I mean, it’s not like you’d have to hit him _hard._

[TAPE RECORDER CLICKS OFF]

  
  


[TAPE RECORDER CLICKS ON]

JON

Oh. You were right.

MARTIN

Yeah, I was expecting a bit more… I don’t know. Fire? Abandoned buildings?

LONELY AVATAR

Well, there was a lot of looting, to be fair.

JON

Yes, I imagine the eye in the sky didn’t do much to, ah, inspire confidence.

LONELY AVATAR

Mmm. But you know, even people caught up in the fears crave comfort. The Web, obviously, loves the internet. Personally, I’d love to shut off all electricity, just for a day, but I think Annabelle Cane might kill me if I did.

MARTIN

So, is that like… a thing now?
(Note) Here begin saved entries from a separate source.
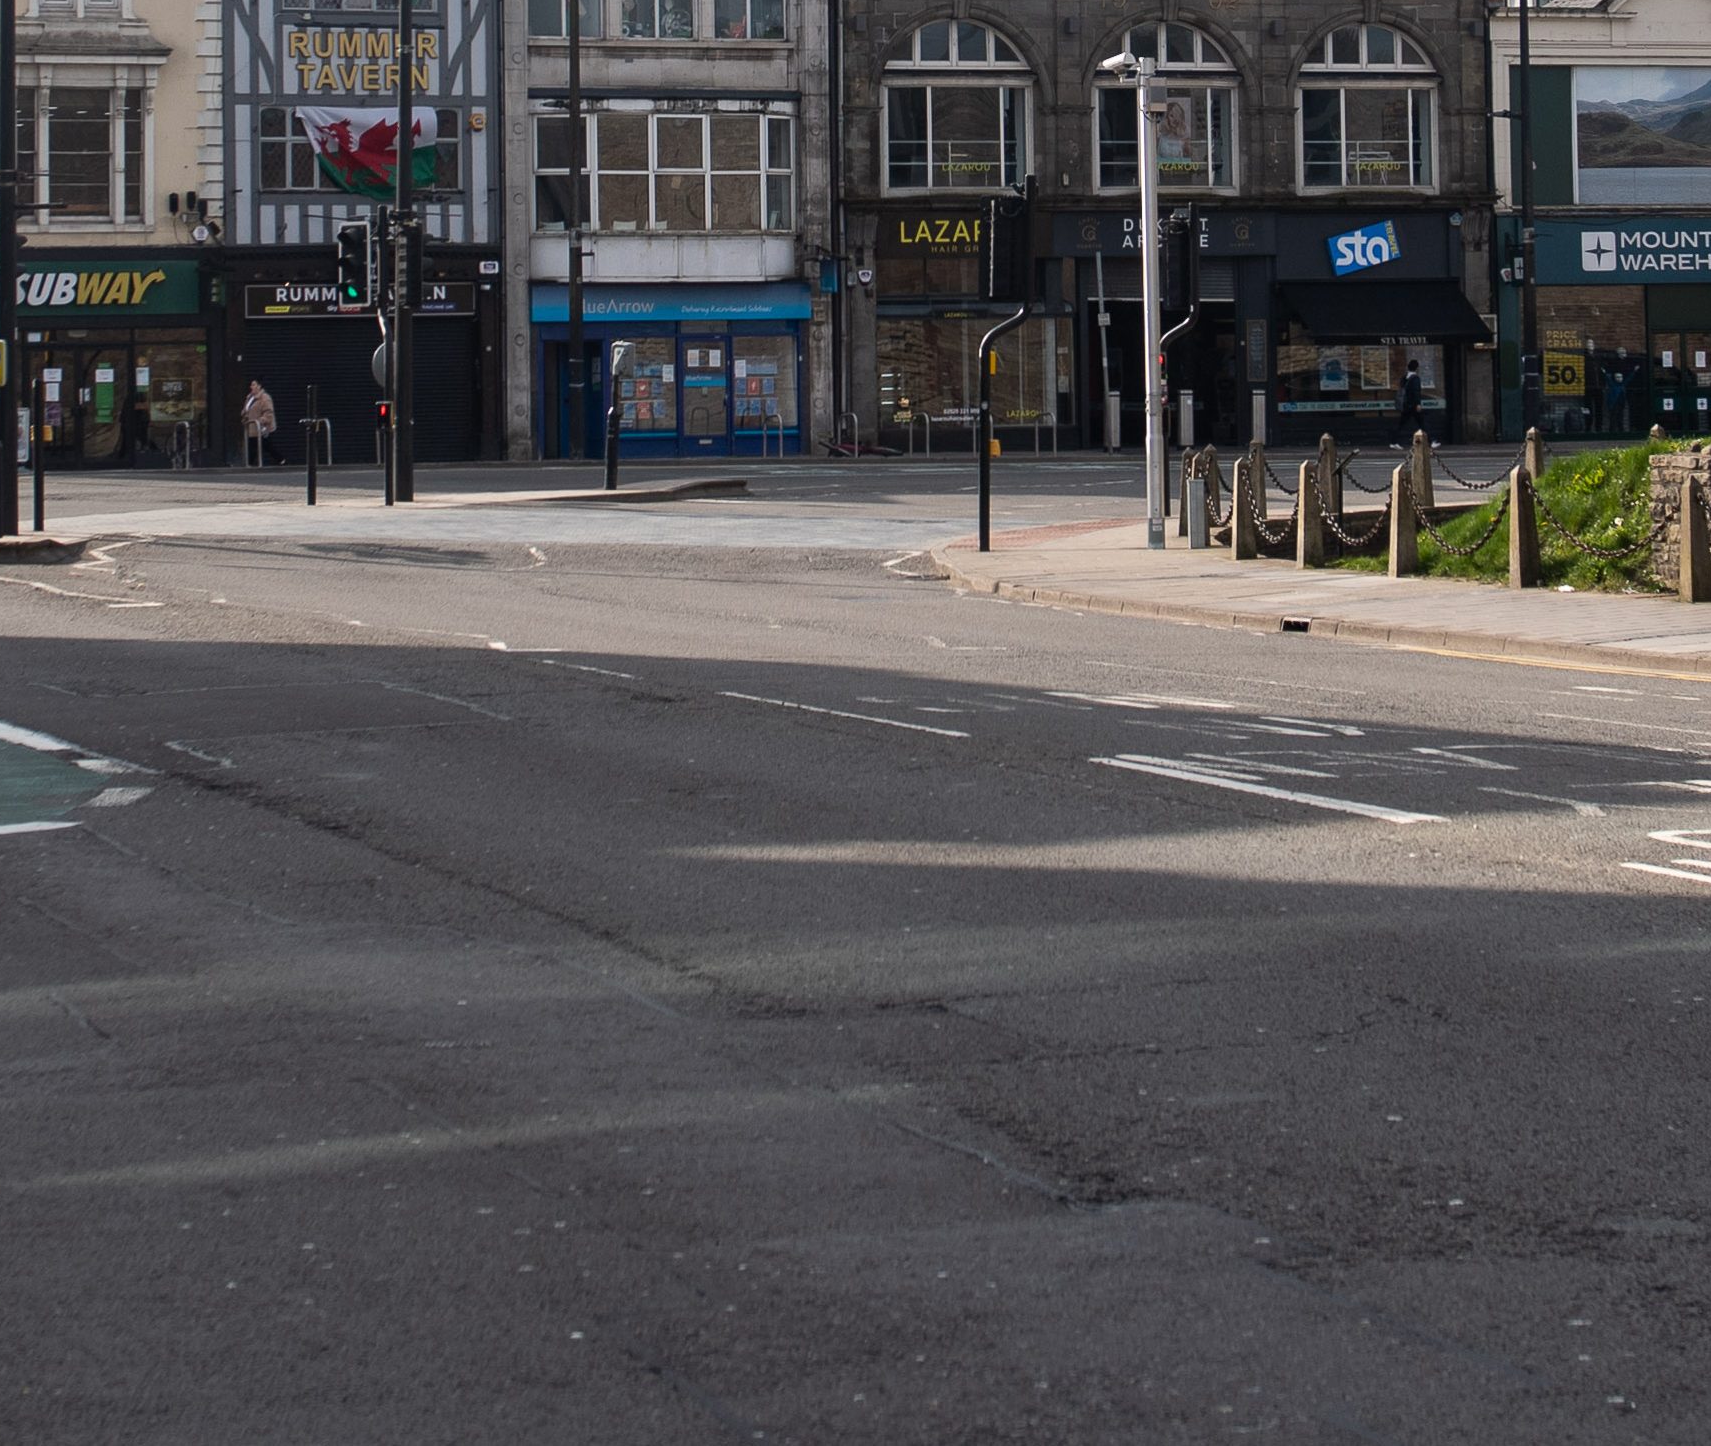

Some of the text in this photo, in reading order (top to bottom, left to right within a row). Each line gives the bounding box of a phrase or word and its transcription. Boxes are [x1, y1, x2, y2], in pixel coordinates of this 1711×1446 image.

[296, 63, 429, 90] TAVERN
[1158, 162, 1200, 172] AZAROU
[931, 245, 958, 253] HAIR
[1336, 230, 1389, 267] sta
[276, 287, 337, 302] RUMM
[1546, 329, 1578, 339] PRICE
[1380, 336, 1428, 345] STA TRAVEL
[1546, 339, 1582, 348] CRASH
[1547, 365, 1576, 385] 50
We’ve got utilities, but only the ones endorsed by a Fear? So the Corruption can’t, I don’t know, take our soap because the rest of you still care to shower?

LONELY AVATAR

The Corruption wouldn’t take your soap. It wants to see you struggle. But yes, that’s the gist of it.

JON

I suppose that makes a certain amount of sense. There’s a fair amount of statements that deal with technology--not _that_ many of course, but enough that it stands to reason a certain amount of destruction would prove to be less of a feast than it might originally appear to be.

MARTIN

Unless someone fixes what’s been broken. Do you think the Stranger could make some kind of worker robot?

LONELY AVATAR

It’s amazing you think we have that level of communication. No, the only thing anyone’s thinking about now is doing something because they love it, or not doing something because they know someone else would hate it, and that person might kill them for it.

JON

Lovely.

MARTIN

Sorry, but how is that any different than how things were before?
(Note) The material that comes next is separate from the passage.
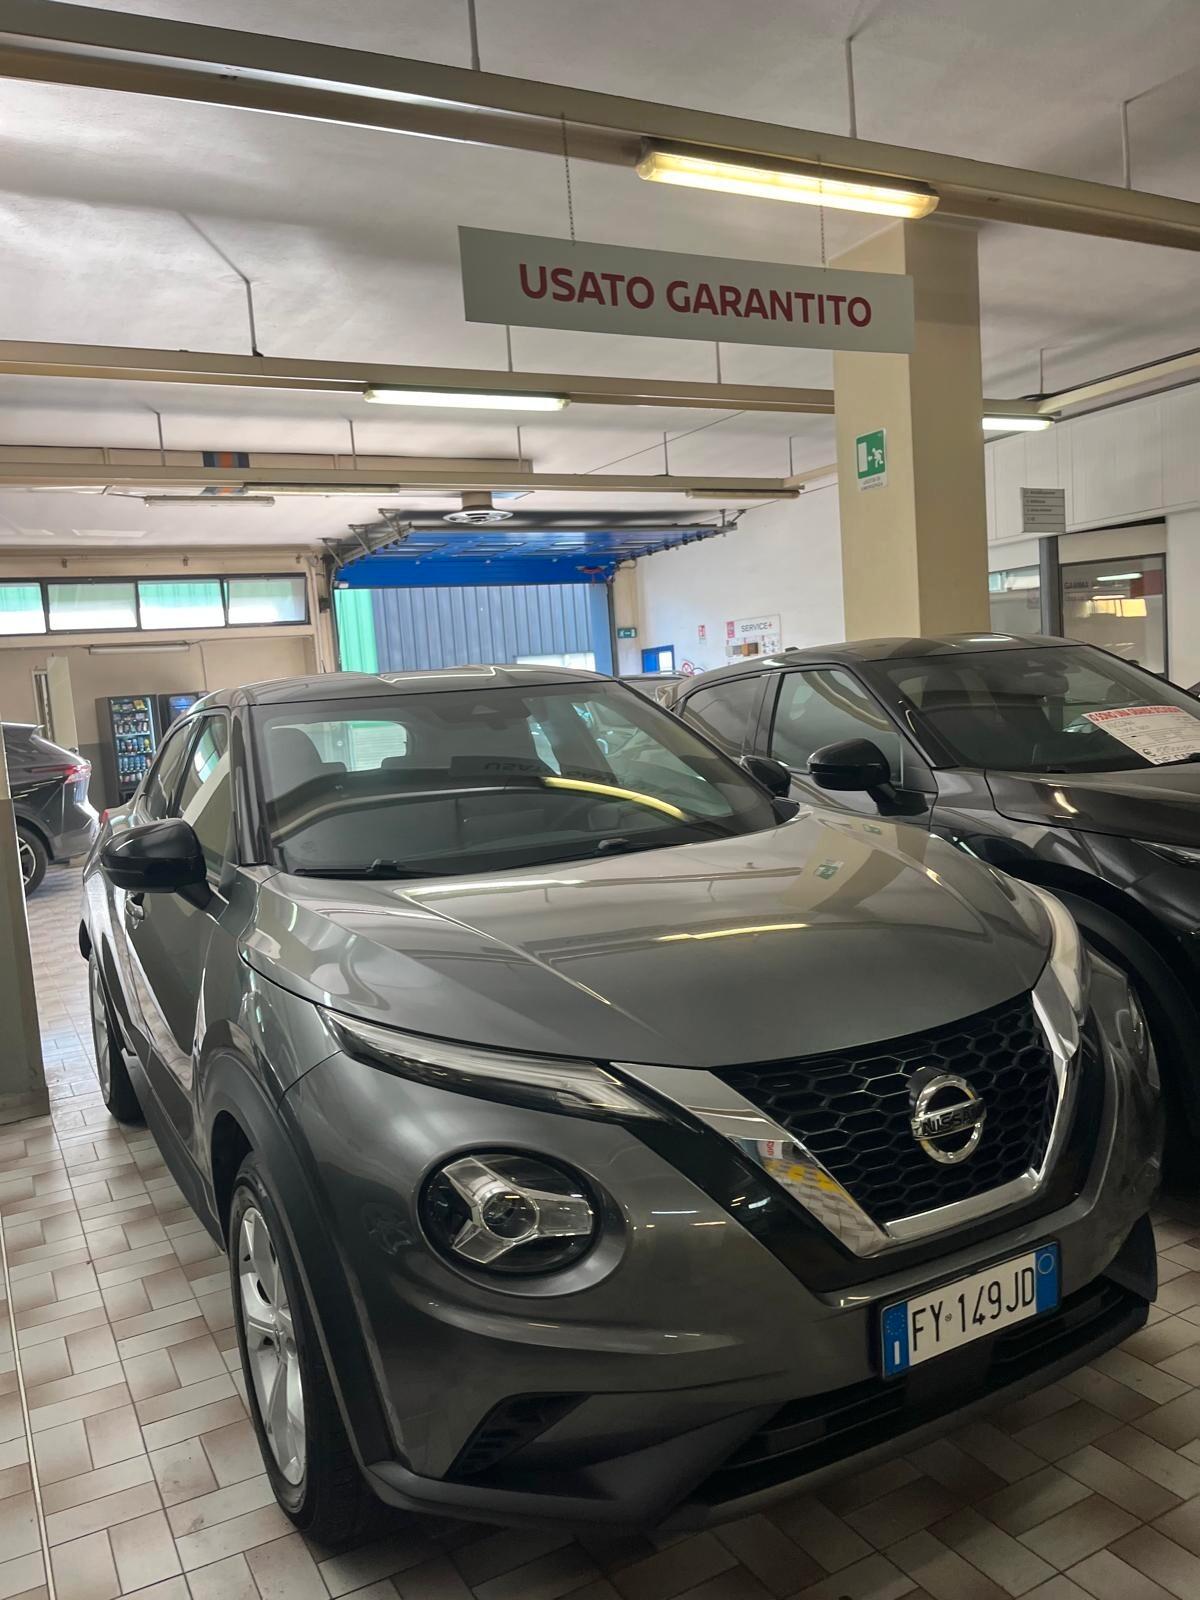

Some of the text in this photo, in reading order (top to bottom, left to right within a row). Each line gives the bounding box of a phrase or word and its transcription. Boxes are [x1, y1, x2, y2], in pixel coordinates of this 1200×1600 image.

[519, 263, 872, 328] USATO GARANTITO
[922, 1106, 978, 1136] NISSA
[THERE’S AN AWKWARD SILENCE]

LONELY AVATAR

Everything is more connected. Before, if you escaped one, there was a chance you could move on with your life. Now, you escape one fear and find yourself right in front of another. There’s no normal world in between. No safety net. If you try and run away from the fires of the Desolation, you’ll end up wading into the cold oceans of the Vast.

MARTIN

Sounds like a lot of communication to me.

LONELY AVATAR

It’s not. It’s just reimagining a landscape. The problem with “ending the world,” or whatever Jonah was attempting is that it didn’t make anyone any better at what they were doing. It just made them _more._ So, yes, now there’s hundreds more aware of the dread powers, and yes, it’s much more dangerous, but I’ve been an avatar of the Lonely for a century. This is a fairly ordinary Tuesday for me.

JON

It’s a Tuesday?

LONELY AVATAR

I wouldn’t know. I don’t keep a calendar. I hate having to schedule events.

MARTIN

Of course.

LONELY AVATAR

Not to say nothing’s changed, of course. It’ll look worse up close.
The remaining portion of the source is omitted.